Il faut se rappeler que le résultat des huit moyens de yoga est la formation d'un yogi ou d'un connaisseur bien entraîné. C'est en conséquence un homme qui s'attache aux causes et non aux effets. Il perçoit ce qui provoque l'apparition de ce qui est tangible, c'est-à-dire les pensées qui mettent en mouvement les forces de la substance et produisent finalement la concrétisation de cette substance.

L'emploi de ce pouvoir consistant à lire dans le mental d'autrui, n'est permis au yogi que dans les cas où c'est pour lui une nécessité de comprendre les causes sous-jacentes à certains événements, et cela uniquement dans l'intention de mettre intelligemment en œuvre les plans de la Hiérarchie et de l'évolution. Ici, ce pouvoir est analogue à celui de la télépathie, mais il ne lui est pas identique. La télépathie comporte la synchronisation d'un mental avec un autre mental et exige qu'ils aient établi des rapports entre eux. La faculté du voyant entraîné a plutôt le caractère d'un acte de la volonté et d'une manipulation de certaines forces lui permettant de voir instantanément ce qu'il désire, dans n'importe quelle aura et à n'importe quel moment.

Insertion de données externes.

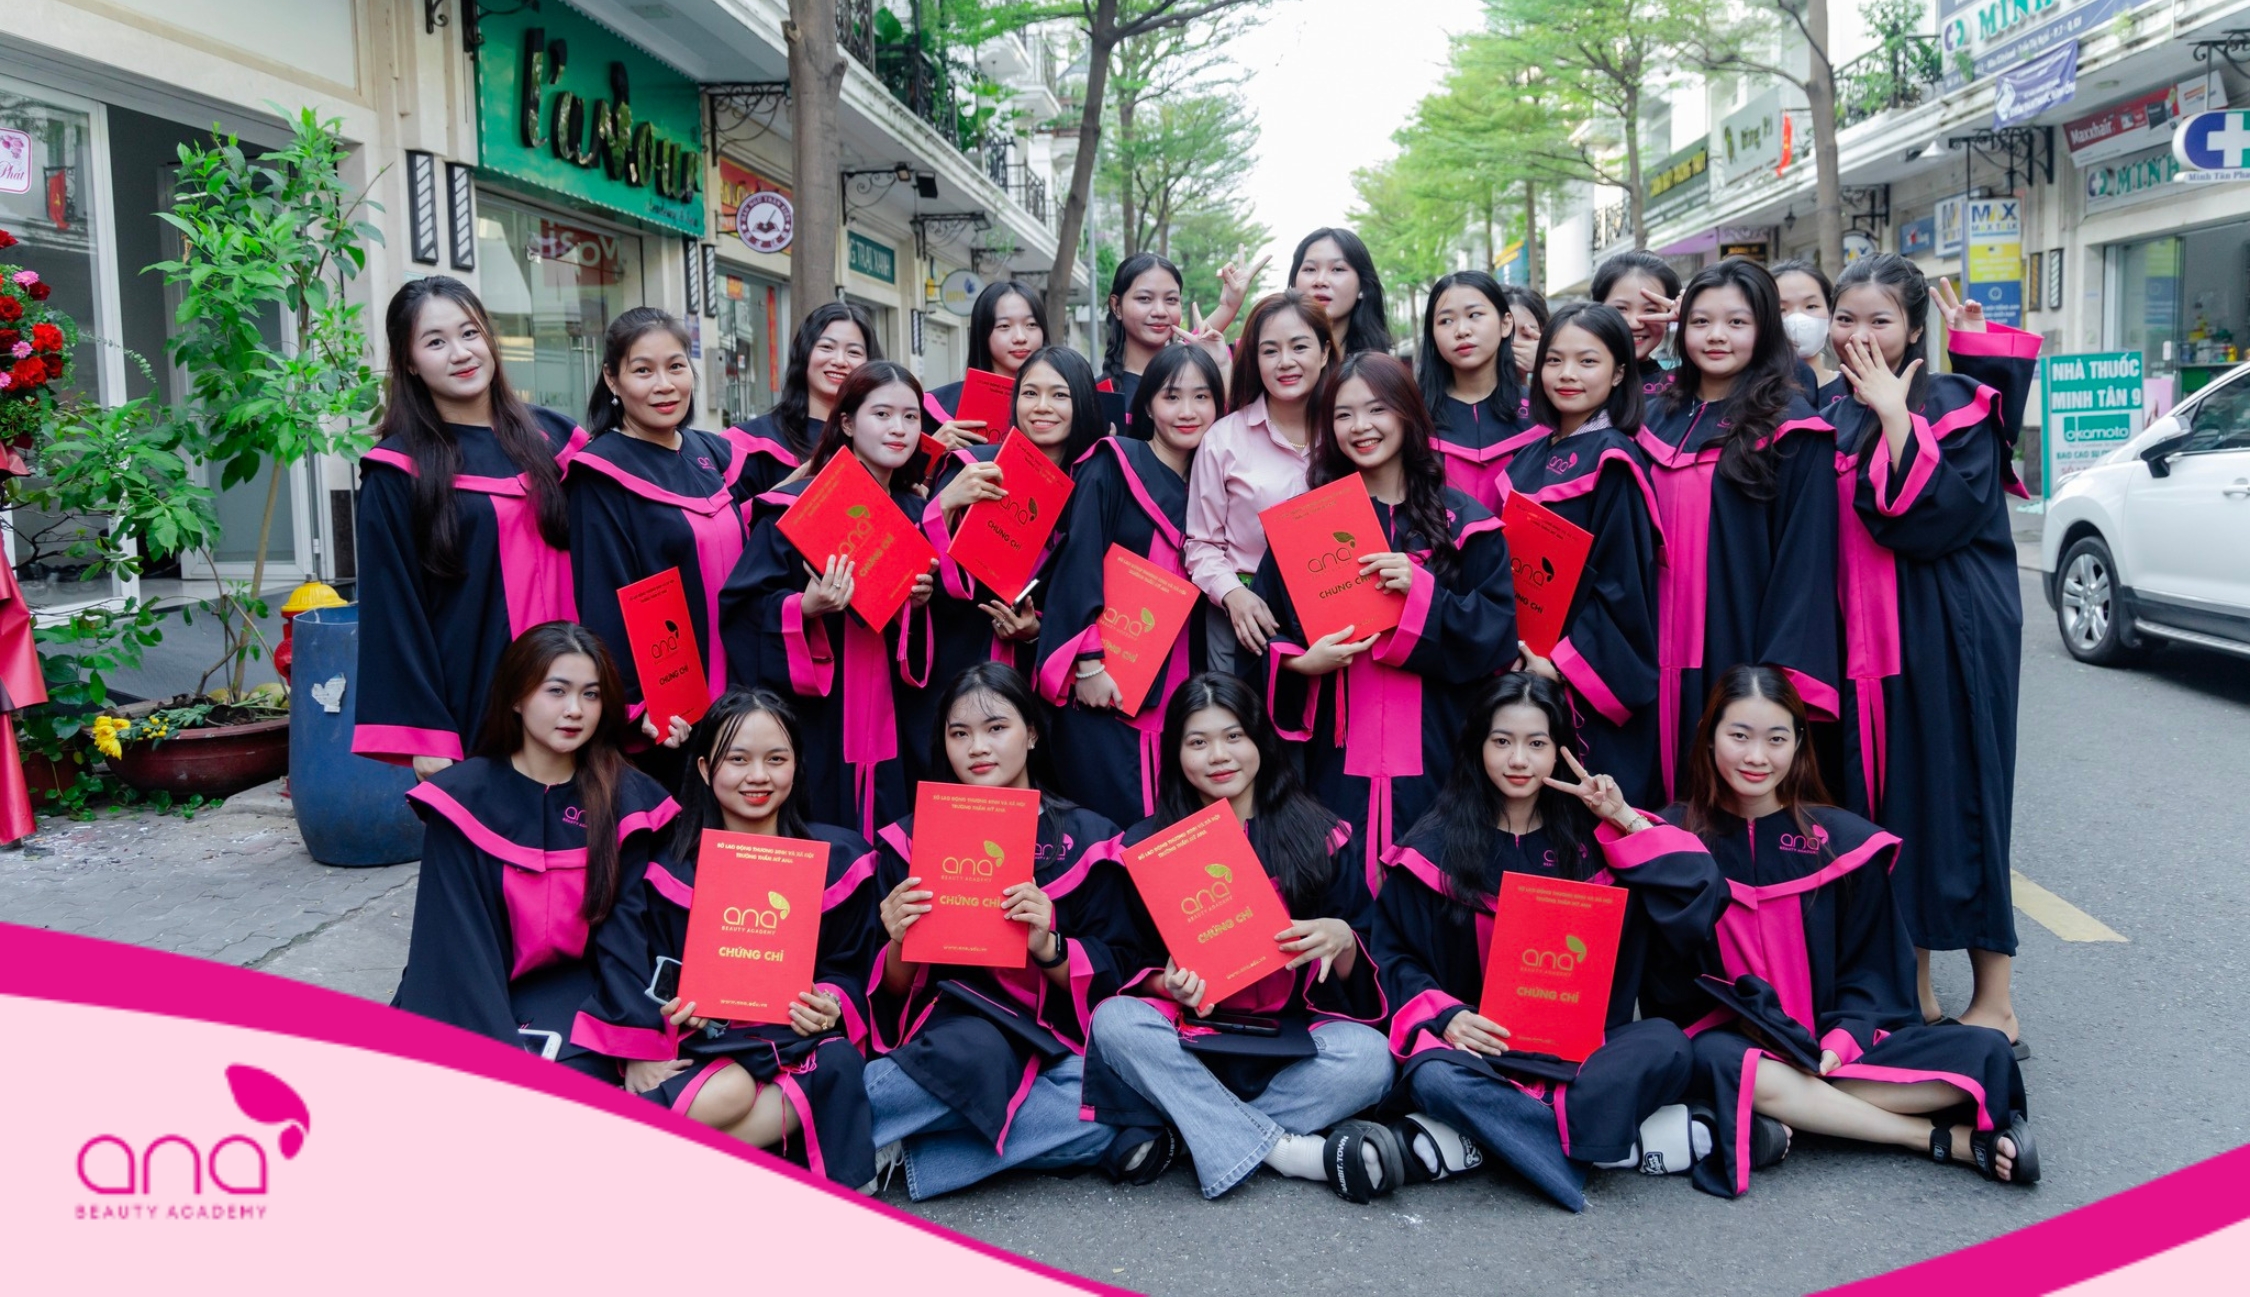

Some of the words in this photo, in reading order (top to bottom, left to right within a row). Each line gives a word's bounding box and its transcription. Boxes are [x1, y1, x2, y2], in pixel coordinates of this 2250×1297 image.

[1972, 203, 2017, 222] MAX
[2052, 358, 2085, 381] NHÀ
[2089, 352, 2140, 379] THUỐC
[2051, 390, 2093, 410] MINH
[2097, 385, 2128, 408] TÂN
[2131, 388, 2142, 406] 9
[2065, 418, 2129, 441] okamoto
[1308, 547, 1352, 573] ana
[1511, 557, 1545, 587] ana
[1103, 607, 1143, 637] ana
[1781, 833, 1819, 850] ana
[942, 856, 993, 876] ana
[1181, 881, 1230, 915] ana
[723, 906, 777, 929] ana
[719, 946, 761, 960] CHỨNG
[764, 949, 785, 962] CHỈ
[1522, 948, 1574, 971] ana

L'objet de son investigation peut – ou non – être à l'unisson avec lui ; par une intense méditation et la mise en œuvre de sa faculté de vouloir, des images-pensées se révèlent. L'emploi de ce pouvoir est dangereux et n'est permis qu'aux disciples éprouvés. [280]

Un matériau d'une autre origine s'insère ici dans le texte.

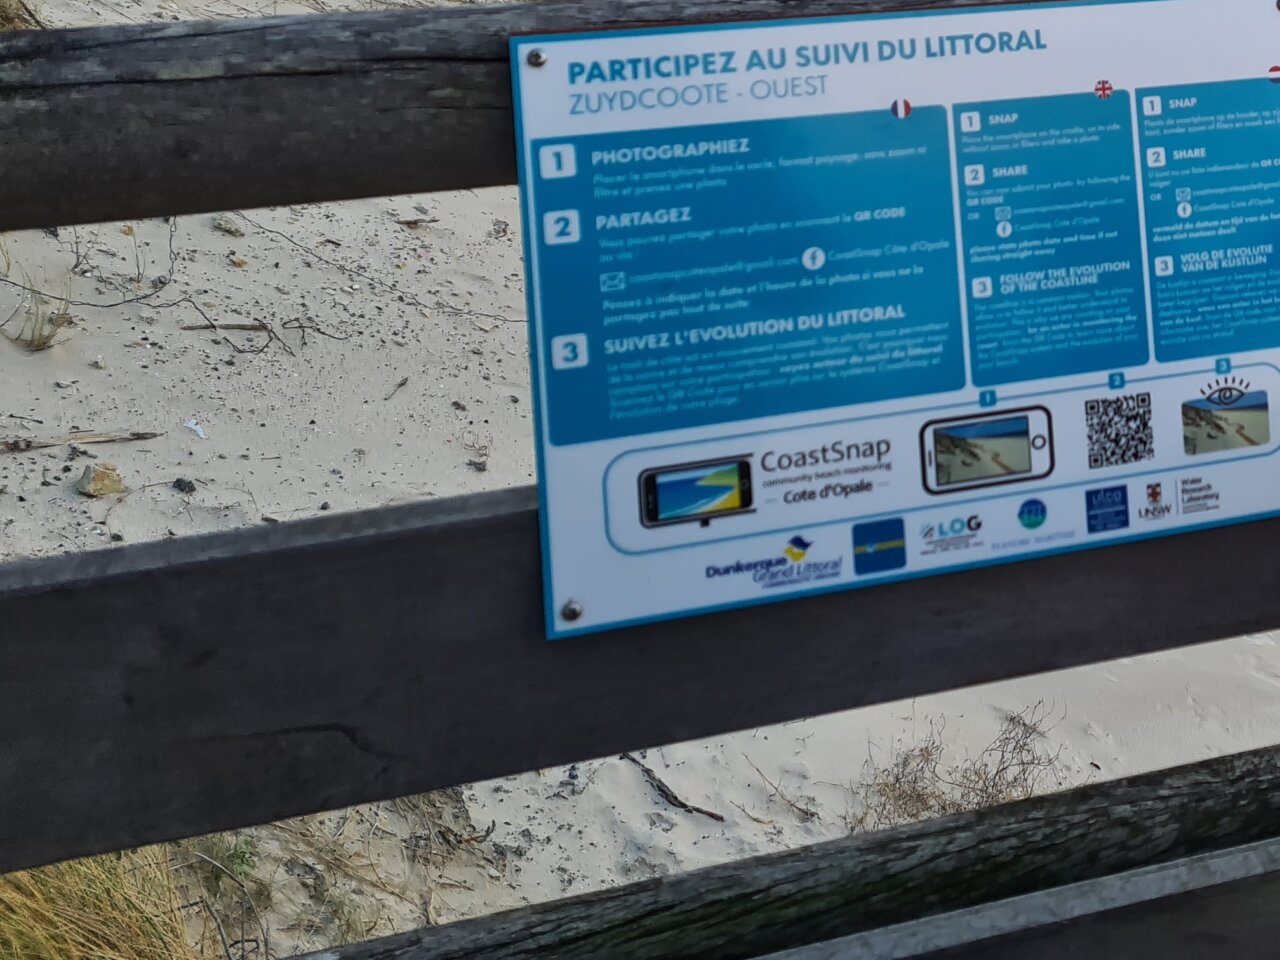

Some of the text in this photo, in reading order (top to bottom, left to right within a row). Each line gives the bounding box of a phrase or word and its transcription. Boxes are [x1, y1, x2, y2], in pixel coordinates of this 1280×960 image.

[567, 27, 1047, 85] PARTICIPEZ AU SUIVI DU LITTORAL
[568, 81, 728, 116] ZUYDCOOTE
[749, 73, 829, 100] OUEST
[1168, 97, 1196, 109] SNAP
[1149, 99, 1154, 111] 1
[967, 116, 972, 127] 1
[988, 112, 1018, 125] SNAP
[552, 151, 562, 171] 1
[591, 137, 749, 166] PHOTOGRAPHIEZ
[1152, 151, 1160, 162] 2
[1173, 147, 1206, 160] SHARE
[992, 164, 1027, 177] SHARE
[1260, 159, 1272, 167] QR
[970, 169, 979, 180] 2
[595, 206, 691, 230] PARTAGEZ
[853, 210, 871, 222] QR
[872, 206, 906, 220] CODE
[553, 216, 570, 237] 2
[1180, 243, 1273, 263] VOLG DE EVOLUTIE
[1181, 253, 1267, 273] VAN DE KUSTLIJN
[999, 259, 1130, 285] FOLLOW THE EVOLUTION
[1160, 259, 1168, 271] 3
[978, 281, 987, 293] 3
[1000, 273, 1097, 294] OF THE COASTLINE
[604, 332, 669, 355] SUIVEZ
[674, 317, 793, 346] L'EVOLUTION
[797, 313, 823, 330] DU
[827, 303, 905, 327] LITTORAL
[562, 341, 578, 362] 3
[760, 438, 891, 474] CoastSnap
[843, 461, 891, 476] monitoring
[783, 478, 872, 504] Cote d'Opale
[938, 514, 982, 537] LOG
[705, 554, 787, 579] Dunkerque

20. Quoi qu'il en soit, comme l'objet de ces pensées n'est pas apparent pour celui-qui-perçoit, il ne voit que la pensée et non l'objet. Sa méditation exclut ce qui est tangible.

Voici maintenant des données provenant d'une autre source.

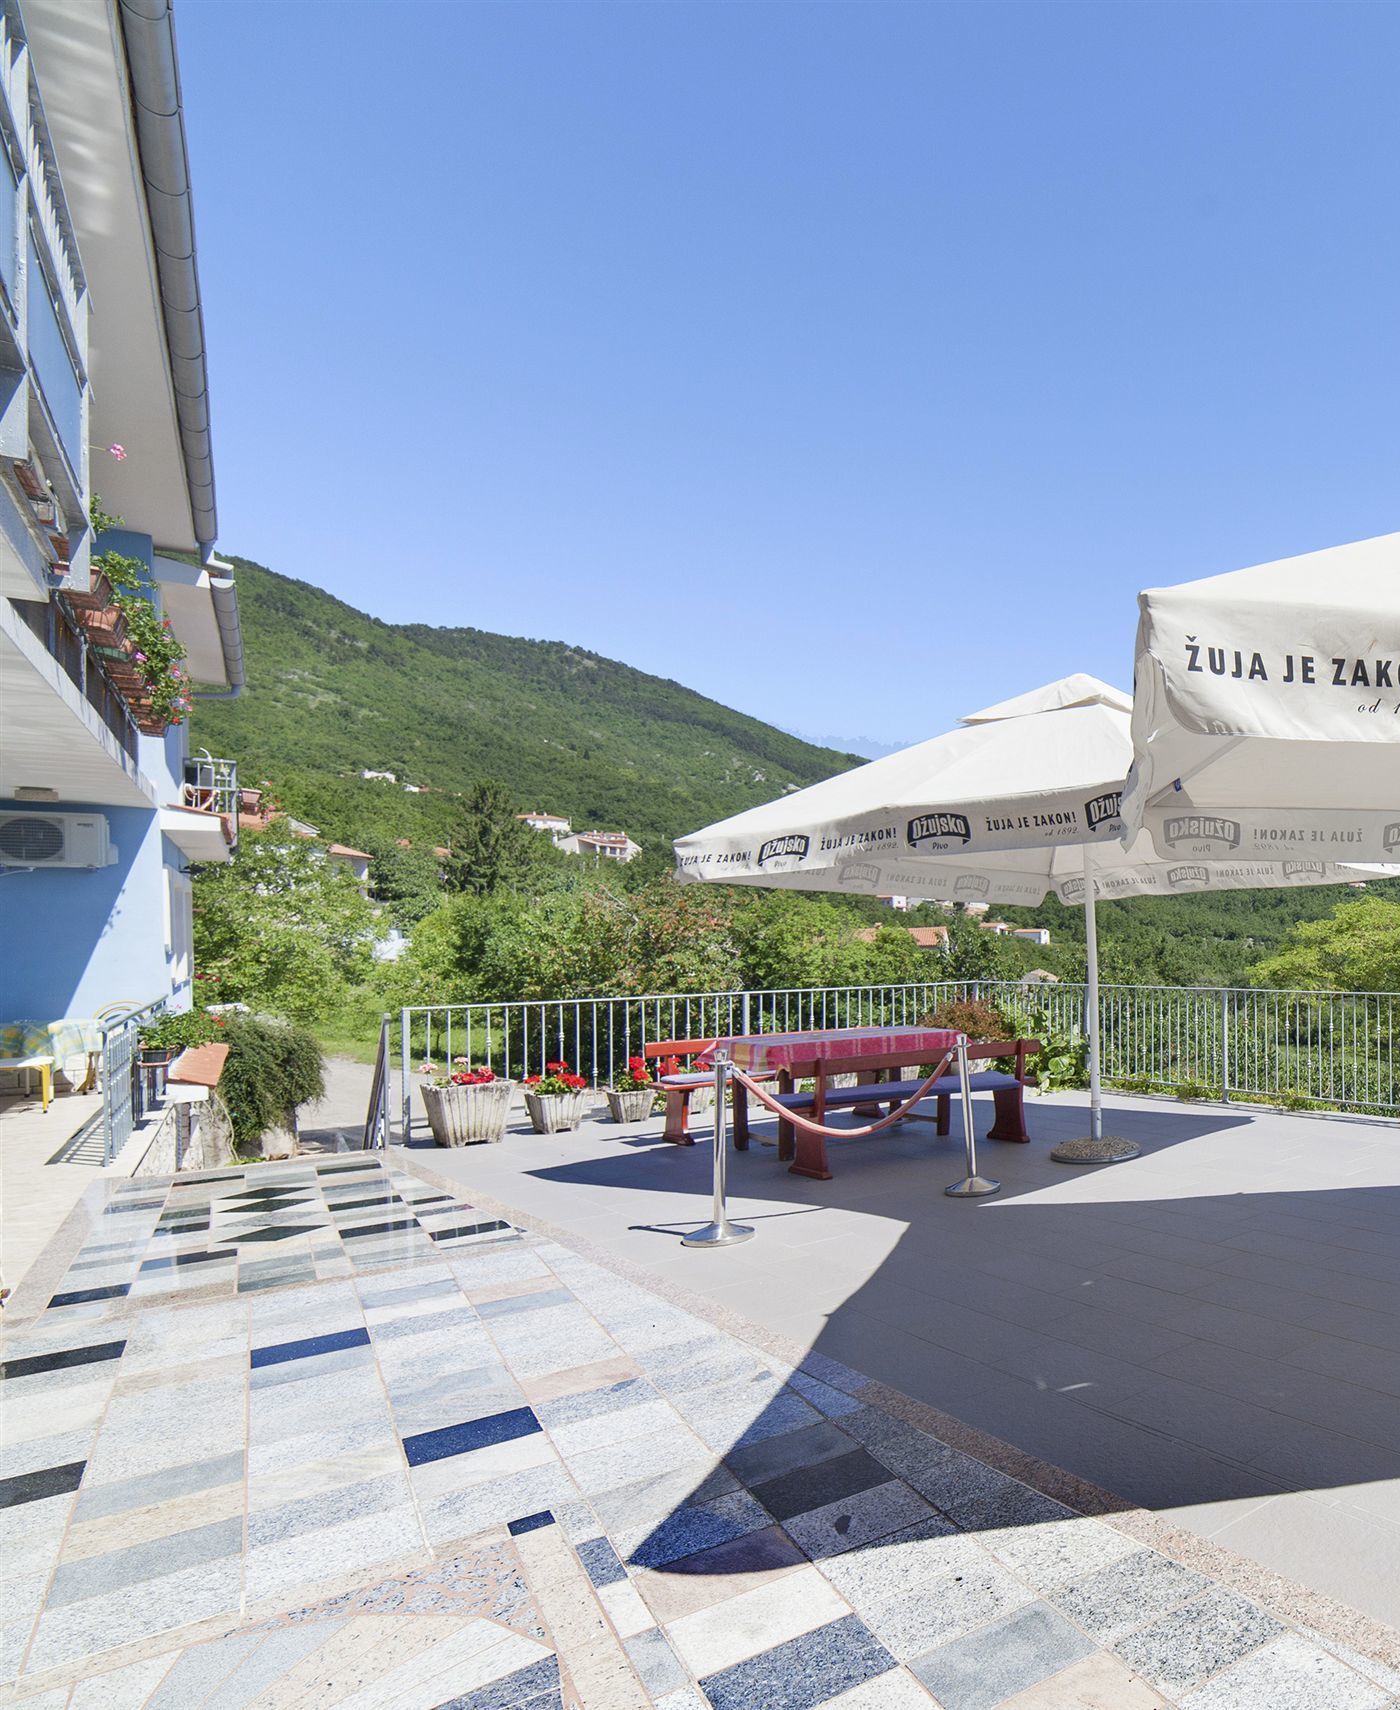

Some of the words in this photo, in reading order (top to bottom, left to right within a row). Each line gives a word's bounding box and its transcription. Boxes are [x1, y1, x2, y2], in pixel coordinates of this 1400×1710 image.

[1184, 635, 1268, 681] ŽUJA
[1283, 655, 1316, 684] JE
[1357, 698, 1382, 714] od
[912, 813, 966, 840] Ožujsko
[985, 816, 1014, 832] ŽUJA
[1018, 816, 1030, 828] JE
[1034, 811, 1077, 827] ZAKON!
[761, 837, 806, 860] Ožujsko
[820, 836, 843, 851] ŽUJA
[845, 835, 857, 847] JE
[858, 827, 897, 845] ZAKON!
[932, 841, 949, 851] Pivo
[700, 853, 712, 863] JE
[716, 850, 751, 863] ZAKON!

Dans sa méditation, il n'est "éveillé" qu'à la substance de la pensée : sa propre chitta (ou substance mentale) et celle d'autrui.

C'est l'activité inhérente à cette chitta qui est la cause de l'apparition finale, sur le plan physique, des formes tangibles et objectives.

Tout ce qui apparaît est le résultat d'un événement subjectif. Tout ce qui est, existe dans le mental du penseur ; non dans le sens dans lequel on l'entend habituellement, mais dans le sens indiquant que la pensée met en mouvement certains courants de force. Ces courants de force passent graduellement à l'état de formes façonnées correspondant à l'idée du penseur, et ces formes persistent aussi longtemps que le mental du penseur s'y attache ; puis elles disparaissent quand il en "détache son mental".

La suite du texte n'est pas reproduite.